Items listed in a dataset
::::::::::
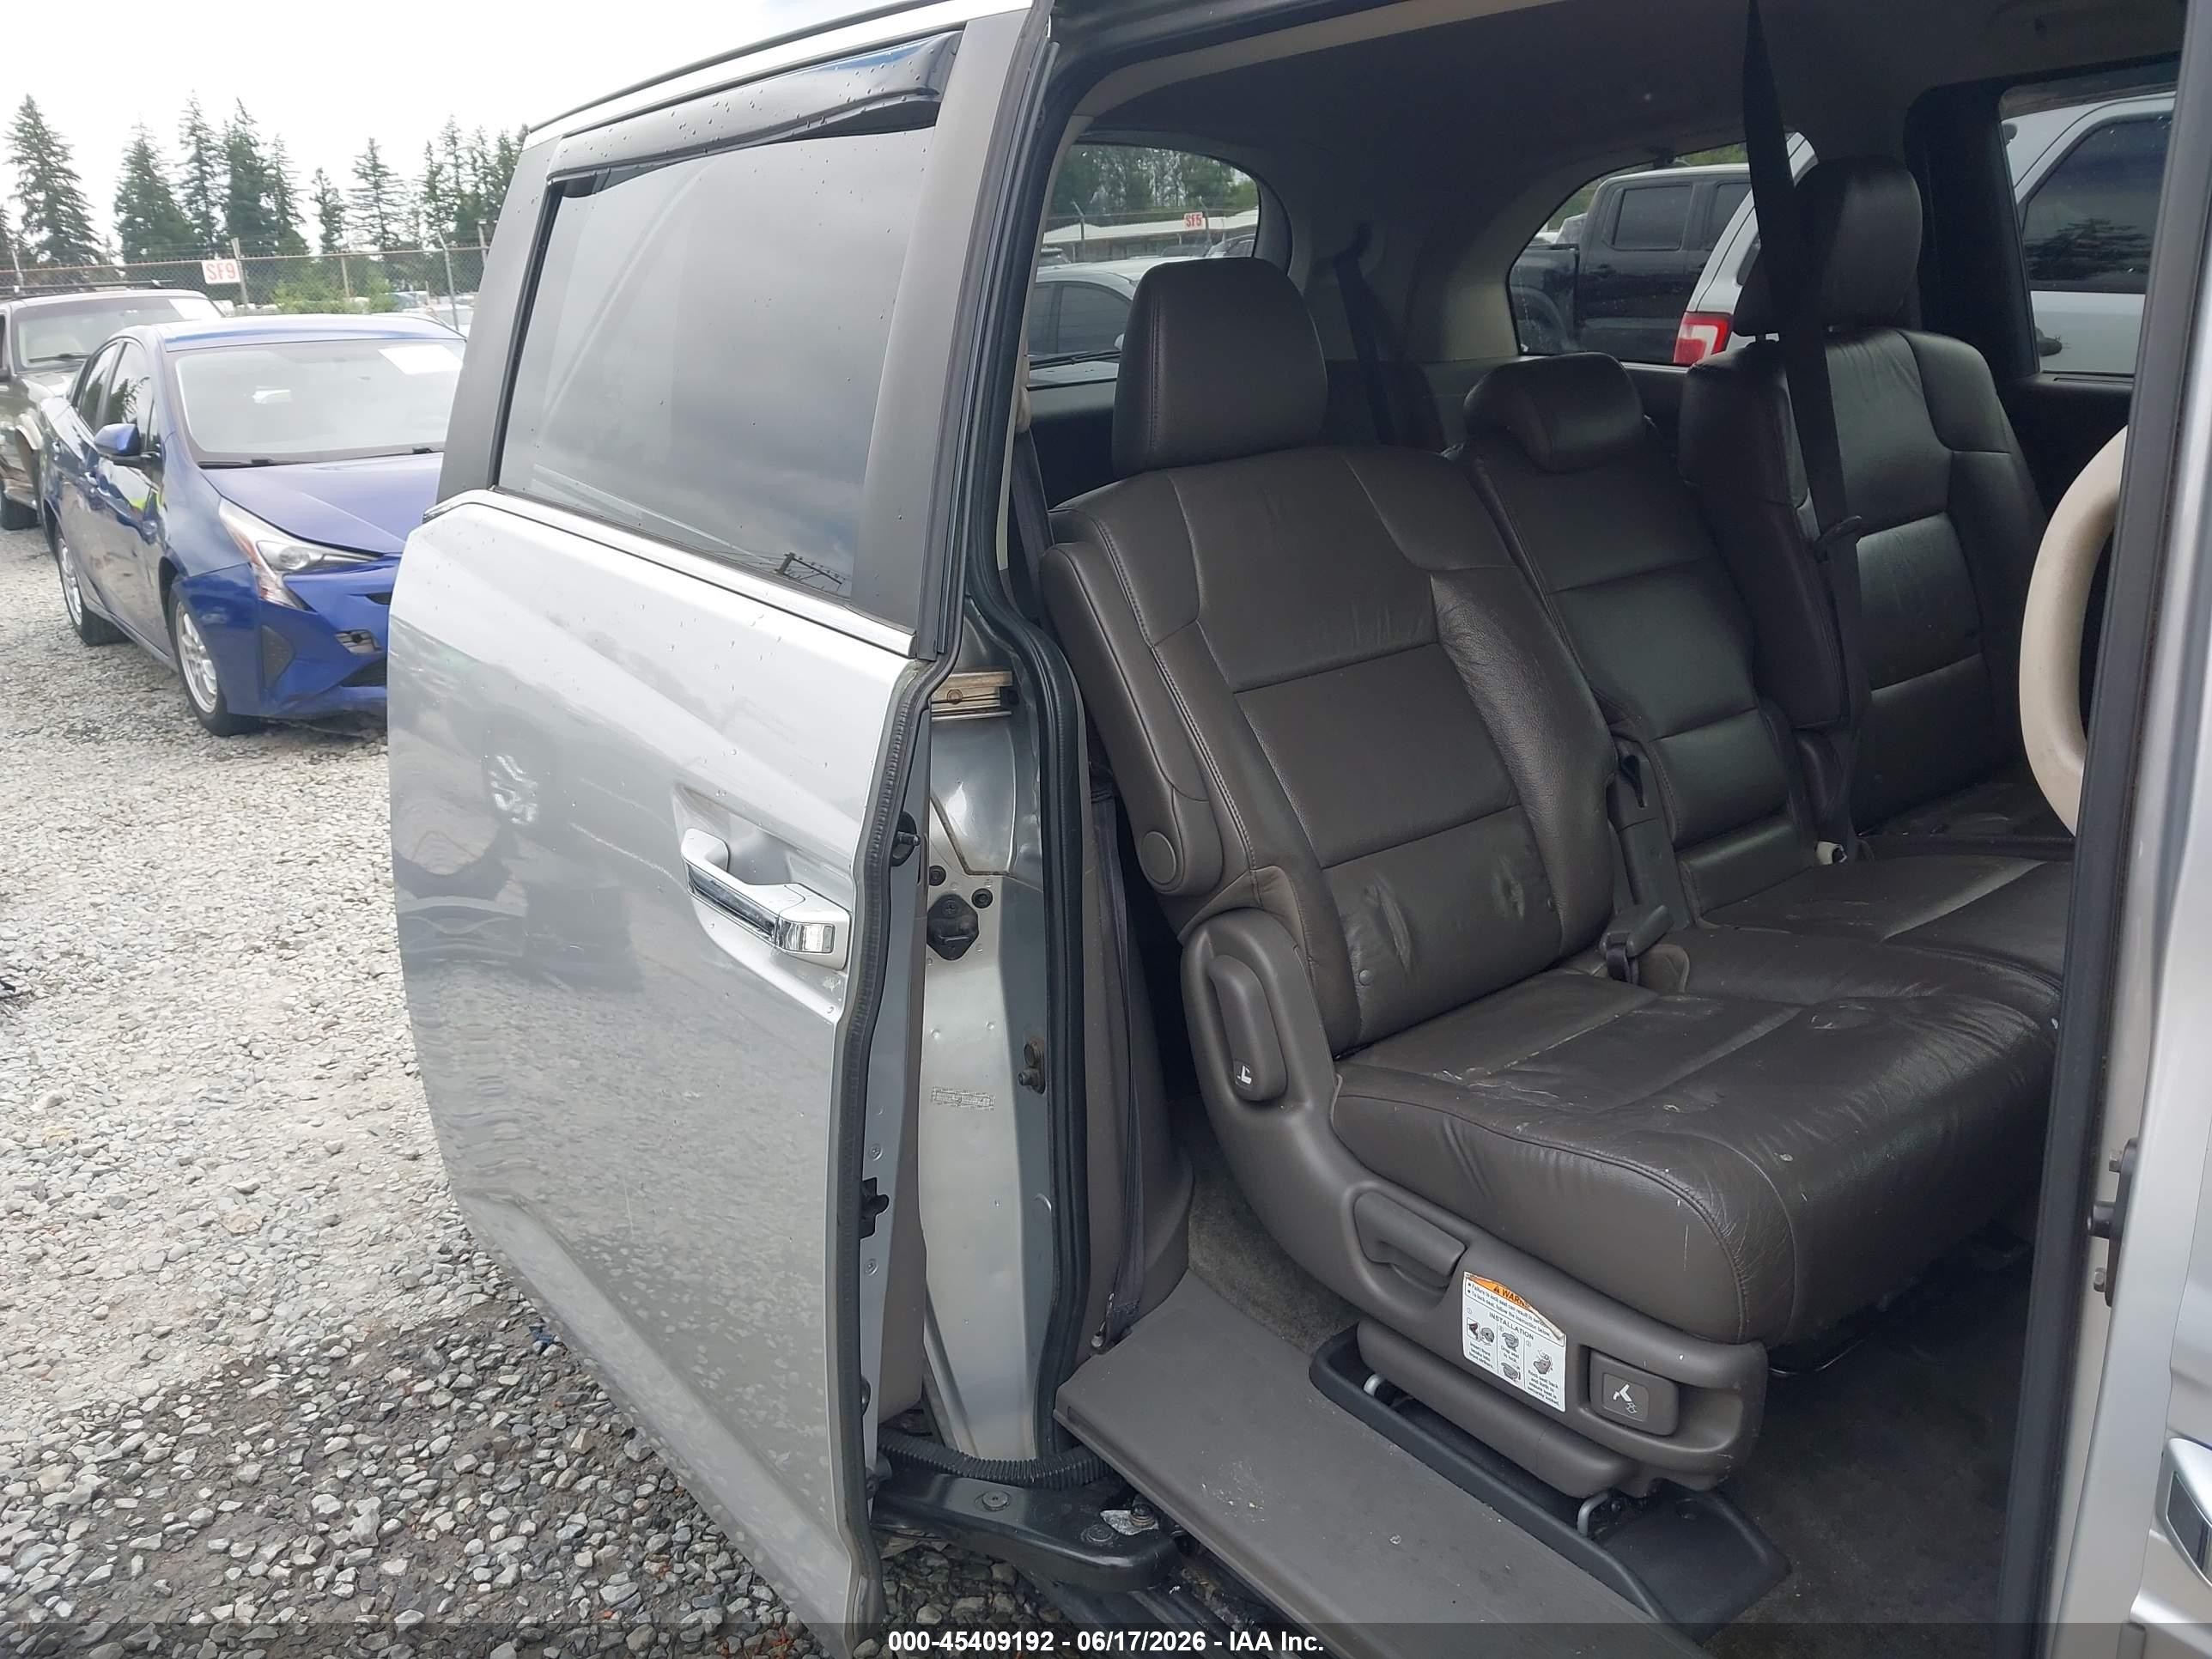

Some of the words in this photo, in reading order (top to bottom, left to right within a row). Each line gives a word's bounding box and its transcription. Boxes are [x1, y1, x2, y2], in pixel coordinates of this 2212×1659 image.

[1185, 213, 1202, 228] SF5
[206, 262, 236, 281] SF9
[1489, 1311, 1534, 1340] INSTALLATION
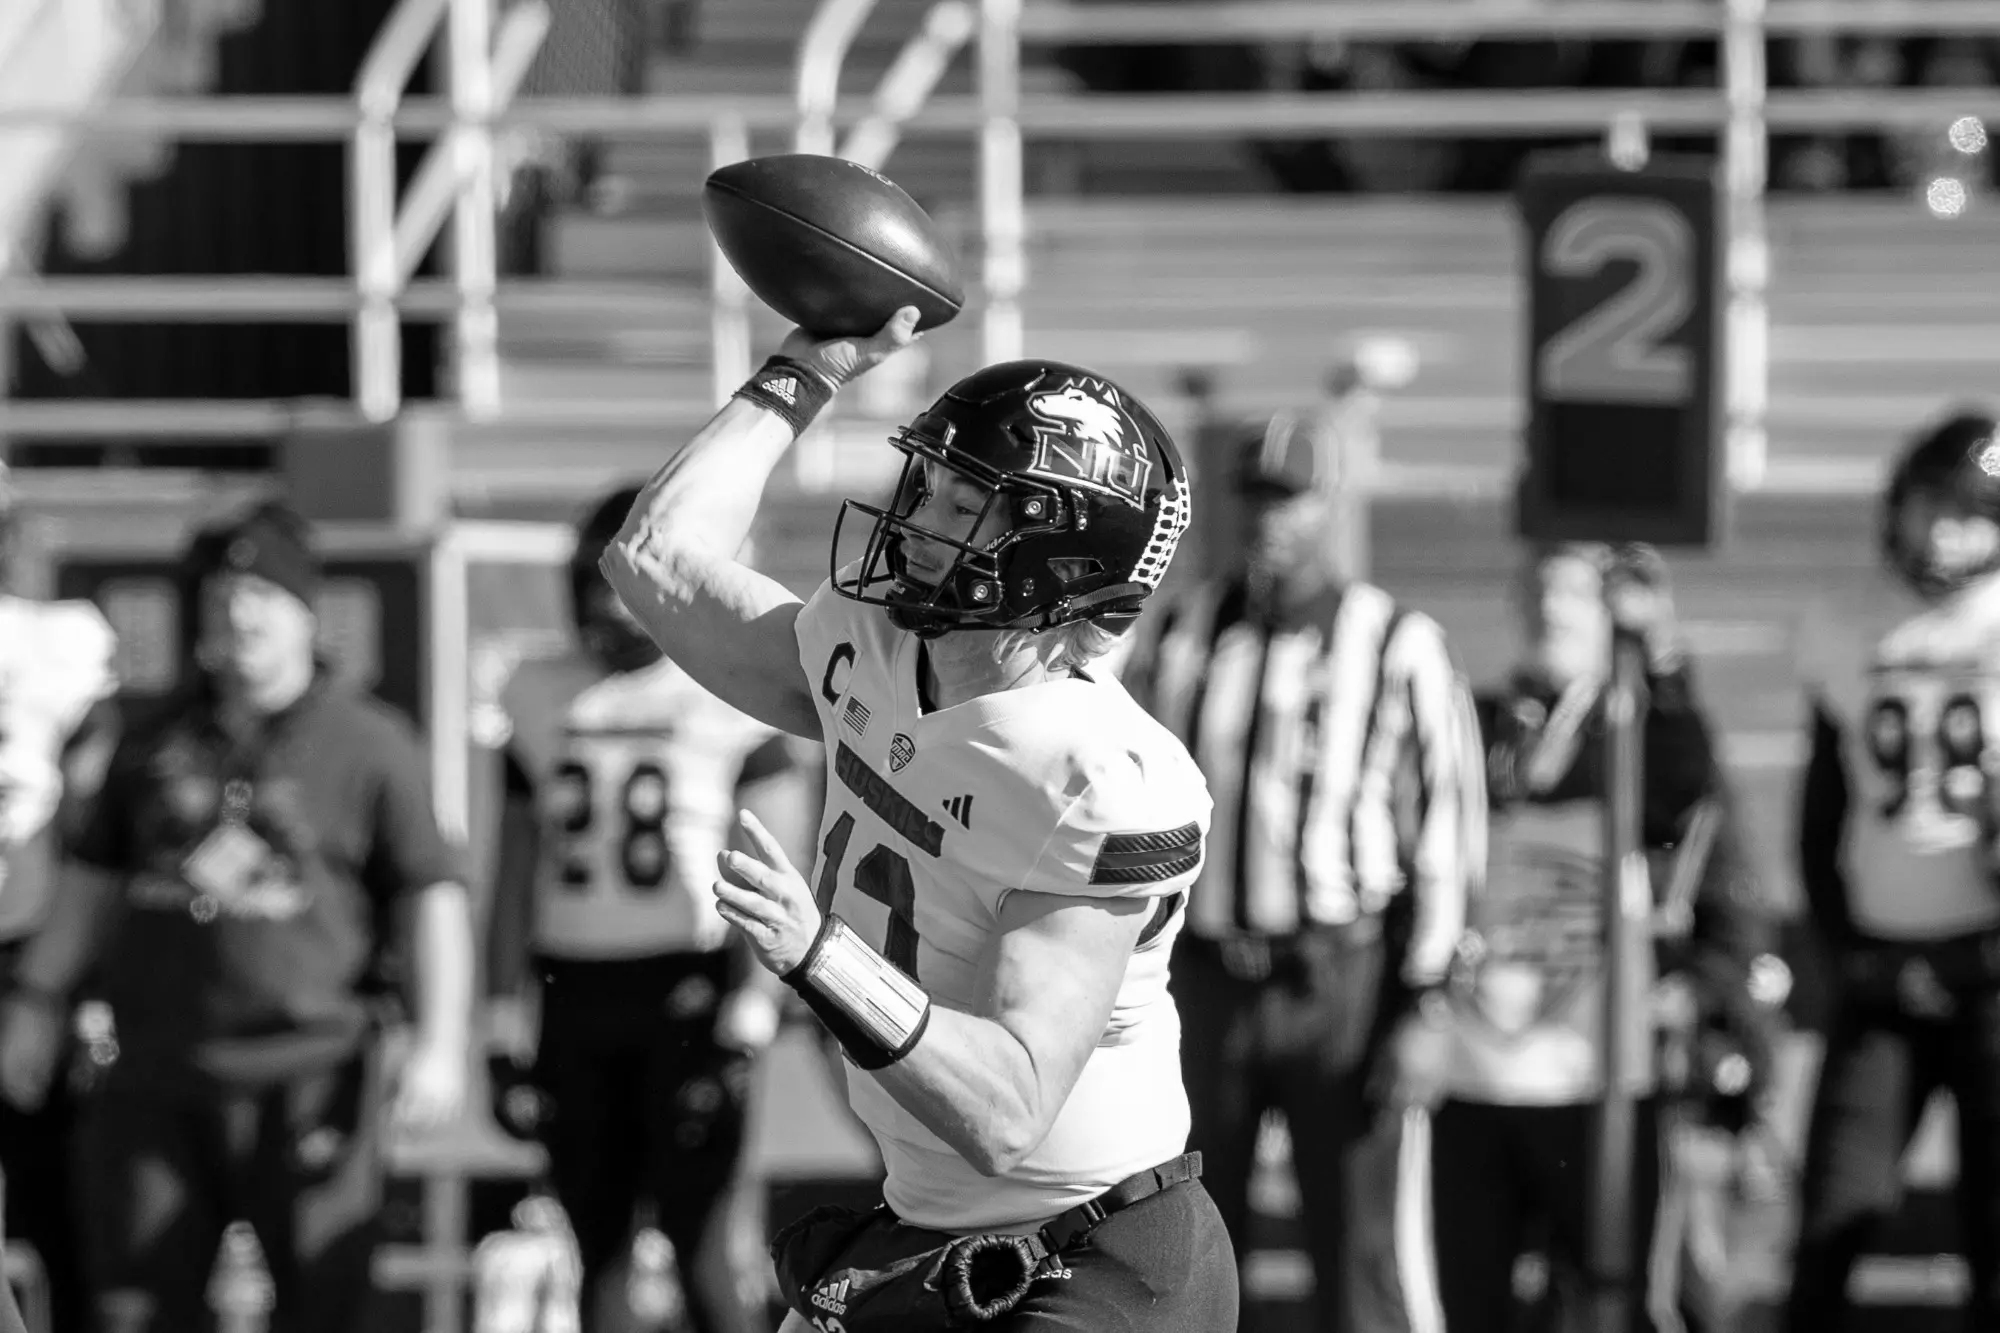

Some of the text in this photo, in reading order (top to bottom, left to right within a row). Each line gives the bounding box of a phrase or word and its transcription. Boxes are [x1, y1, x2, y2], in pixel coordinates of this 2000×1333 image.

[1540, 197, 1696, 403] 2
[1027, 425, 1153, 513] NIU
[822, 641, 856, 707] C
[811, 1293, 847, 1315] adidas
::::::::::
__INSTRUCTIONS FOR THE TASK__.
The data above needs to be retyped exactly, with the images left out.

__ANSWER TO THIS PROBLEM__.
Some of the words in this photo, in reading order (top to bottom, left to right within a row). Each line gives a word's bounding box and its transcription. Boxes are [x1, y1, x2, y2], in pixel coordinates of this 2212×1659 image.

[1185, 213, 1202, 228] SF5
[206, 262, 236, 281] SF9
[1489, 1311, 1534, 1340] INSTALLATION

Some of the text in this photo, in reading order (top to bottom, left to right within a row). Each line gives the bounding box of a phrase or word and its transcription. Boxes are [x1, y1, x2, y2], in pixel coordinates of this 2000×1333 image.

[1540, 197, 1696, 403] 2
[1027, 425, 1153, 513] NIU
[822, 641, 856, 707] C
[811, 1293, 847, 1315] adidas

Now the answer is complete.